An energy lockdown is not official government policy, but its fast becoming a reality around the world especially in Asia. Countries like the Philippines, Vietnam, Sri Lanka, Laos, Pakistan, Bangladesh have begun implementing some form of preliminary lock down are encouraging WFH. The term got popular on social media reminding everyone of the Covid Lockdown and using the same term to describe a situation where governments impose strict limits on energy use to manage a severe supply shortage. Think shorter work weeks for government offices, non-essential streetlights switched off, and fuel stations closing because supplies have simply run dry.
Several Asian countries are already dealing with this. The trigger is the ongoing conflict involving Iran, which has restricted vessel movement through the Strait of Hormuz, a 100-mile corridor through which nearly one-fourth of the world’s seaborne oil passes. Countries across Asia depend heavily on this route, and the disruption is hitting hard.
How does this affect India?
India’s government has been clear that no lockdown of any kind is being planned. Officials clarified that Prime Minister Modi’s recent remarks urging national preparedness, drawing a parallel to the COVID-19 response, were widely misread.
That said, India is responding on multiple fronts. The Centre has reduced excise duty on petrol by Rs 3 per litre and brought diesel duty down to zero, alongside changes in windfall taxes. The announcement comes amid supply concerns linked to the conflict and disruptions around the Strait of Hormuz.
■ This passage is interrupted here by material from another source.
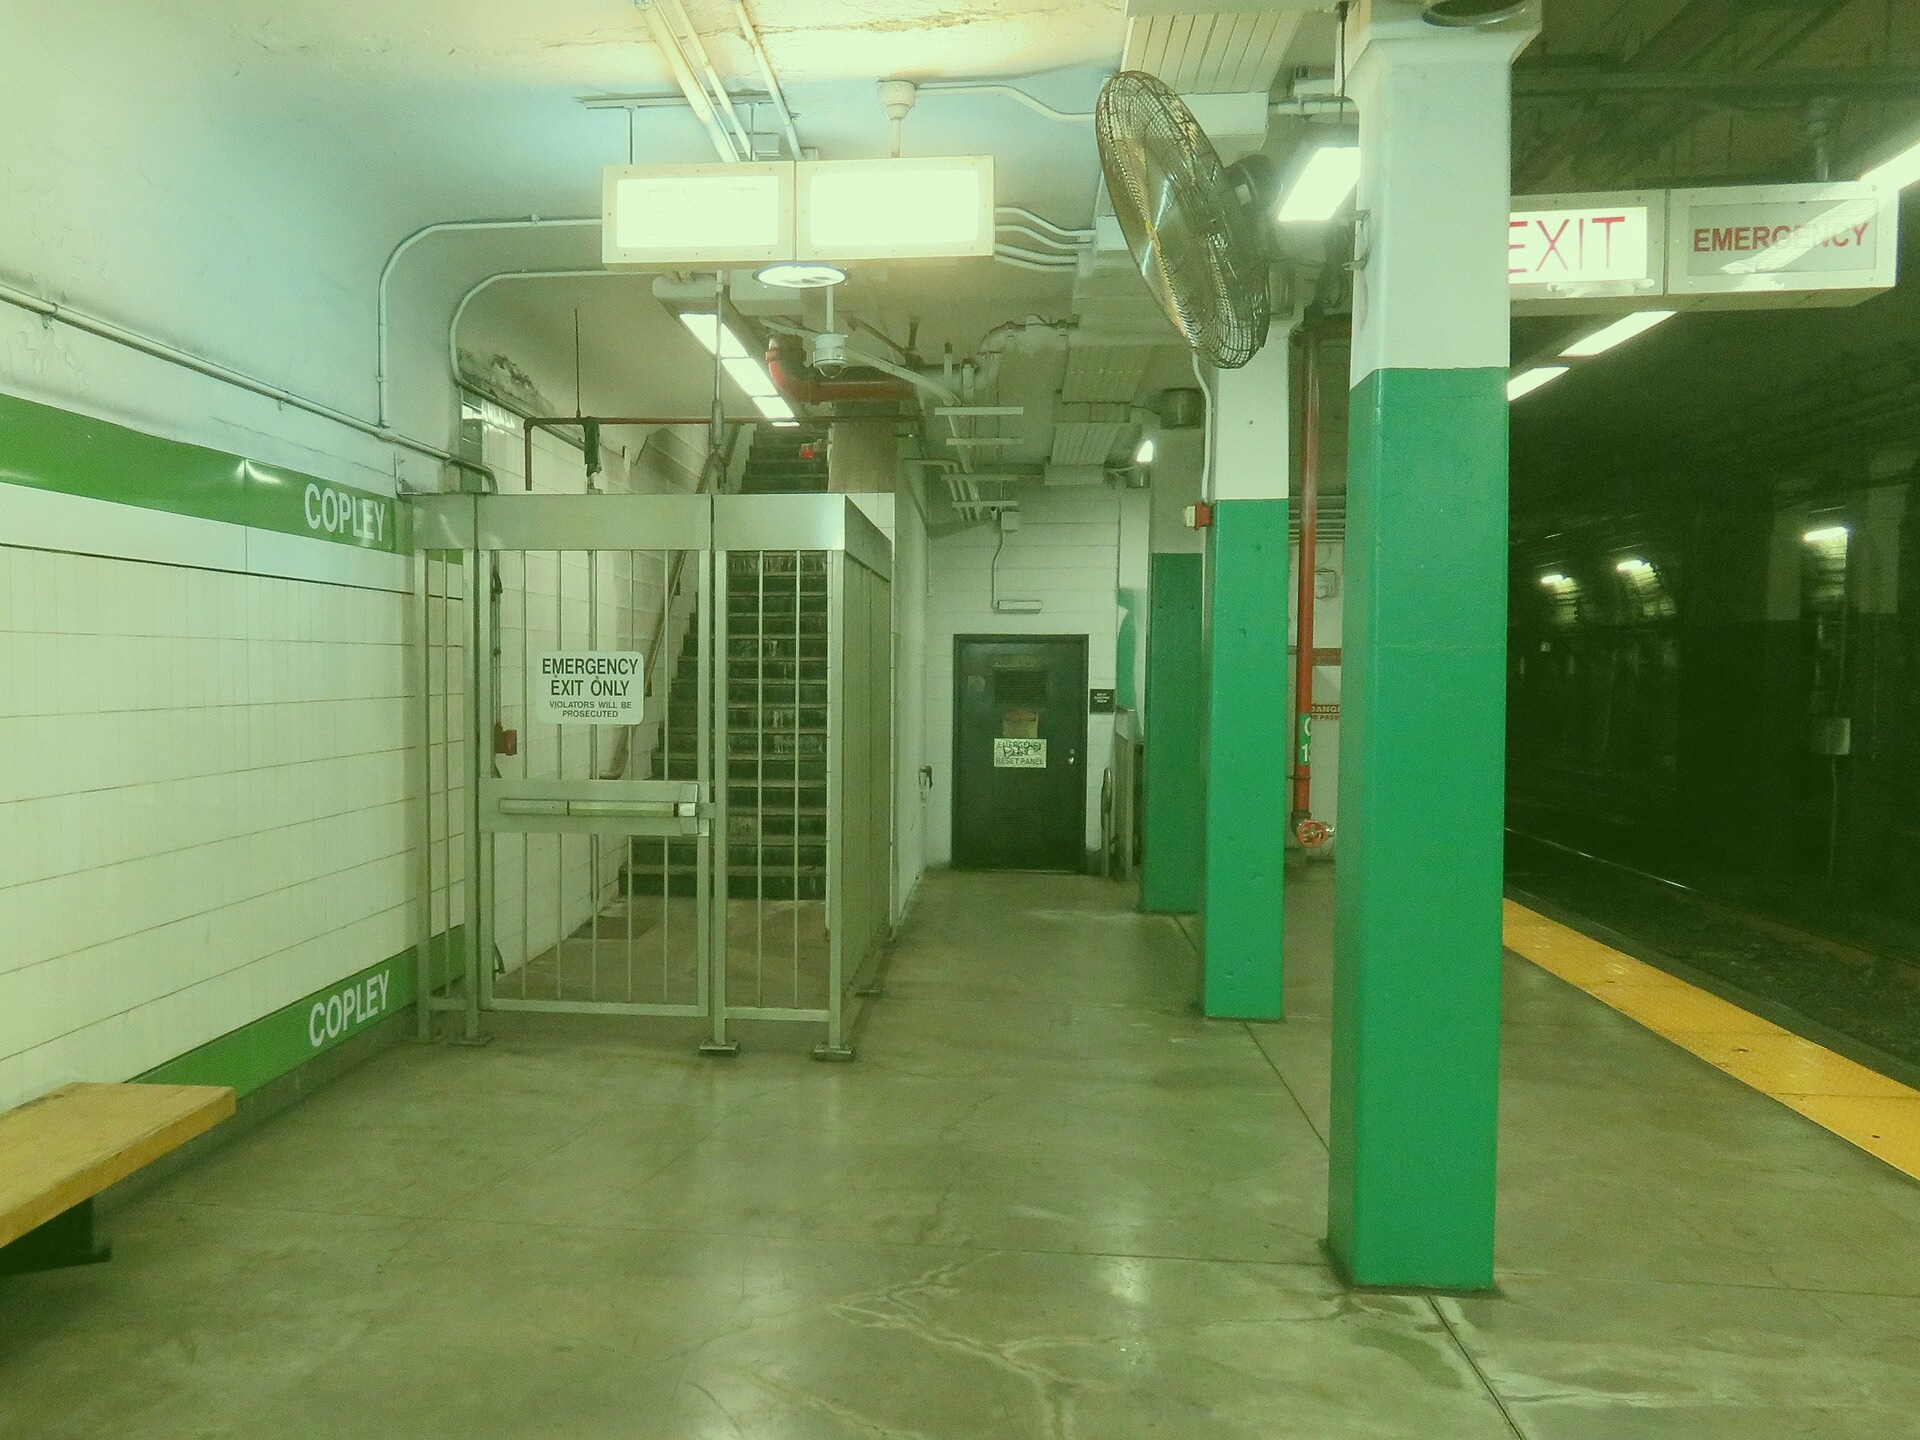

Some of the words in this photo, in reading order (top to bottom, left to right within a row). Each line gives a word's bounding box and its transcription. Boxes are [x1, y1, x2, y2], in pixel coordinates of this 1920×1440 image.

What is going on with Indian energy stocks?
Oil and gas stocks have split sharply in early trade following the excise duty cut. Crude oil producers and city gas companies have seen buying interest, while refiners and large-cap energy names are under pressure amid global supply fears.
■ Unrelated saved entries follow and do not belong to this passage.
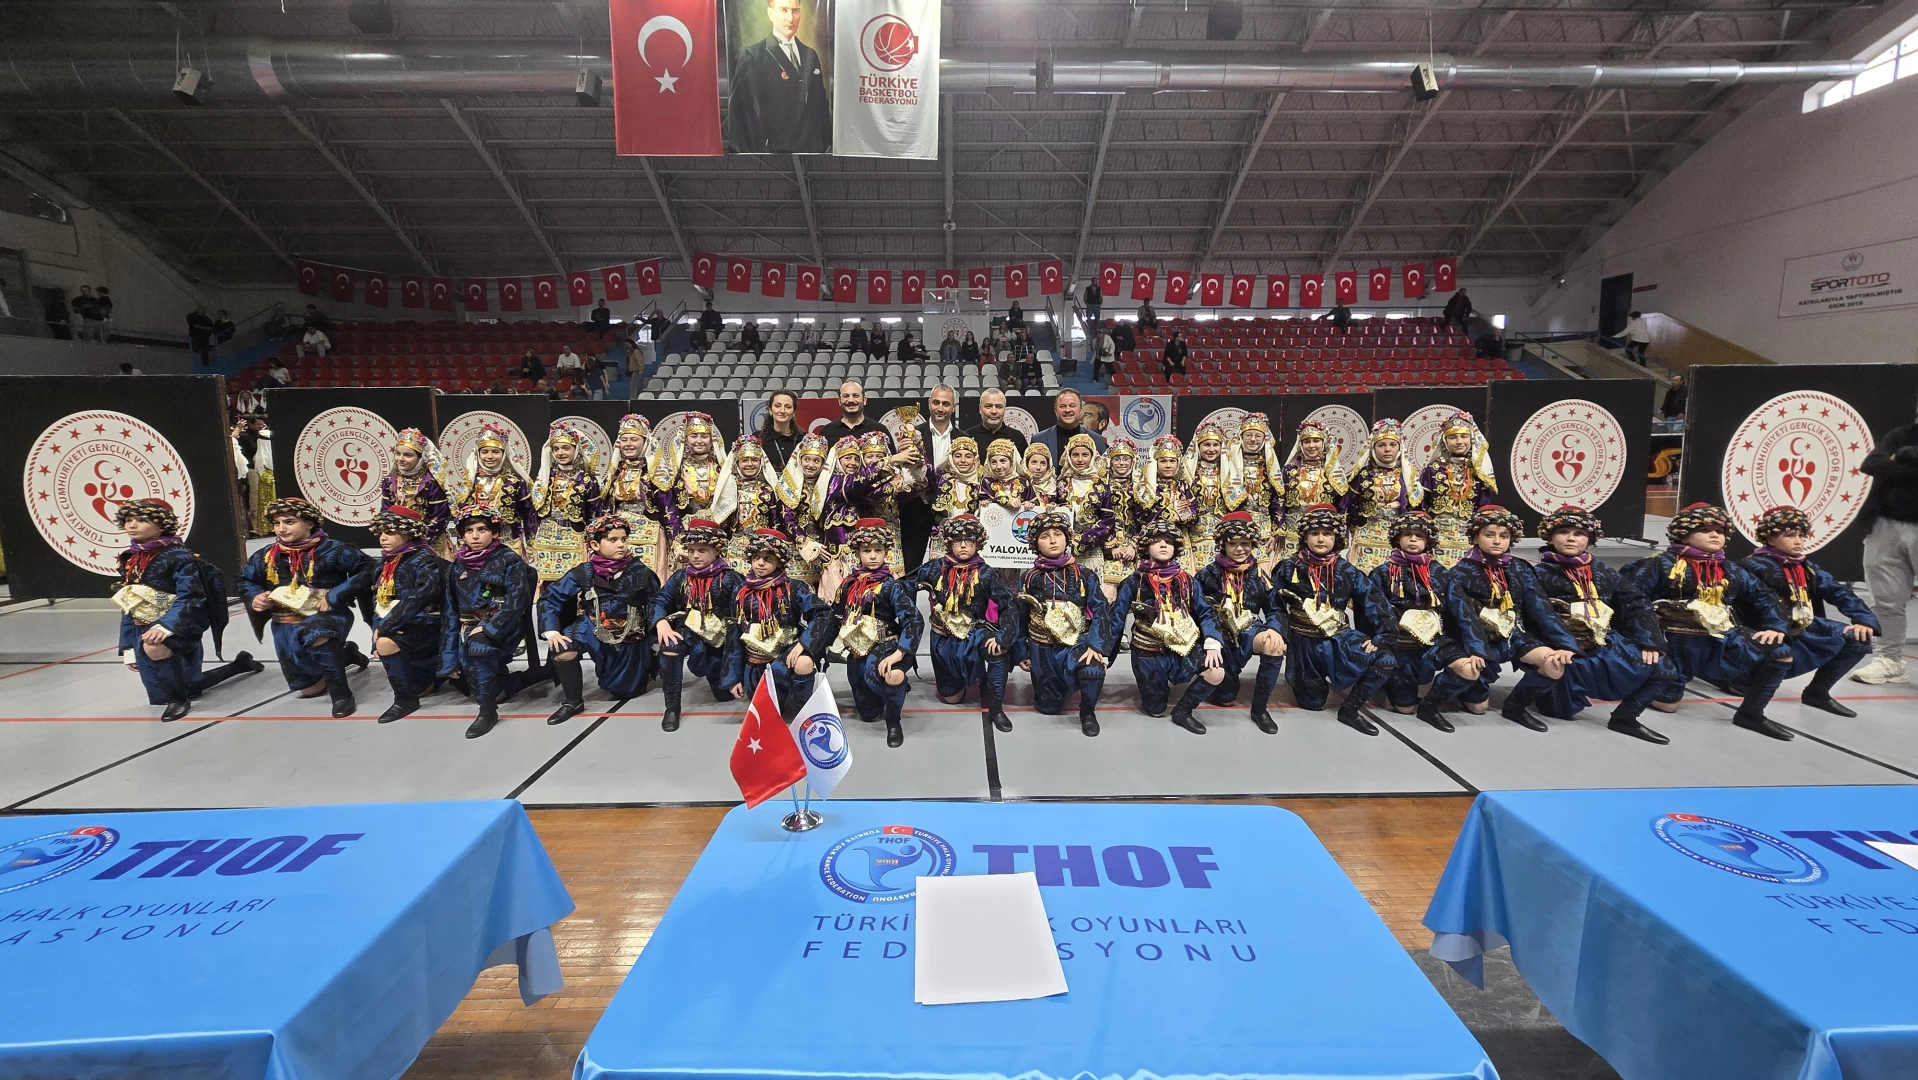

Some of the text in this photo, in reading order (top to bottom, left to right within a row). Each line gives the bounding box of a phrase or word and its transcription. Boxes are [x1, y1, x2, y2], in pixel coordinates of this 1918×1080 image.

[859, 74, 918, 89] TÜRKİYE
[859, 87, 918, 98] BASKETBOL
[858, 96, 918, 105] FEDERASYONU
[340, 430, 370, 441] GENÇLİK
[1790, 422, 1824, 436] GENÇLİK
[1824, 434, 1834, 446] VE
[316, 433, 339, 478] CUMHURİYETİ
[370, 439, 378, 450] VE
[1756, 424, 1788, 485] CUMHURİYETİ
[378, 450, 388, 469] SPOR
[1534, 422, 1604, 494] TÜRKİYE CUMHURİYETİ GENÇLİK VE SPOR BAKANLIĞI
[1828, 445, 1840, 473] SPOR
[57, 443, 160, 543] TÜRKİYE CUMHURİYETİ GENÇLİK VE SPOR
[320, 479, 346, 502] TÜRKİYE
[1807, 475, 1838, 520] BAKANLIĞ
[990, 545, 1028, 554] YALOVA
[89, 833, 366, 880] THOF
[824, 856, 833, 874] DANCE
[972, 844, 1221, 888] THOF
[1702, 858, 1780, 883] FEDERATION
[826, 874, 866, 902] FEDERATION
[872, 890, 916, 902] RASYONU
[0, 898, 276, 922] HALK OYUNLARI
[1765, 893, 1917, 910] TÜRKİYE
[0, 920, 244, 945] ASYONU
[813, 914, 912, 931] TÜRKİ
[1071, 917, 1248, 935] OYUNLARI
[802, 940, 1257, 963] FEDSYONU
Oil & Natural Gas Corpn Ltd (ONGC) added 2.02% to Rs 275.70 in early trade, supported by expectations among market observers that policy support and stable domestic supply could aid sentiment. Reliance Industries, comparatively declined 2.48% to Rs 1,377.50, indicating the pressure refiners face when crude sourcing costs rise. GAIL (India) dropped 1.04% to Rs 137.70, while Oil India fell 1.29% to Rs 465.50. The broader market added to the pressure, with the BSE Sensex down 1.34%, or 1,008.47 points, at 74,264.98 in early trade.
What happens next?
Analysts noted this week that a severe energy shortage is not the most likely outcome at this stage. However, they cautioned that if conditions do deteriorate, the economic impact could be serious. Singapore’s Foreign Minister Vivian Balakrishnan has warned that Asia has never faced a disruption of this scale before. US-led diplomatic efforts to end the conflict are ongoing.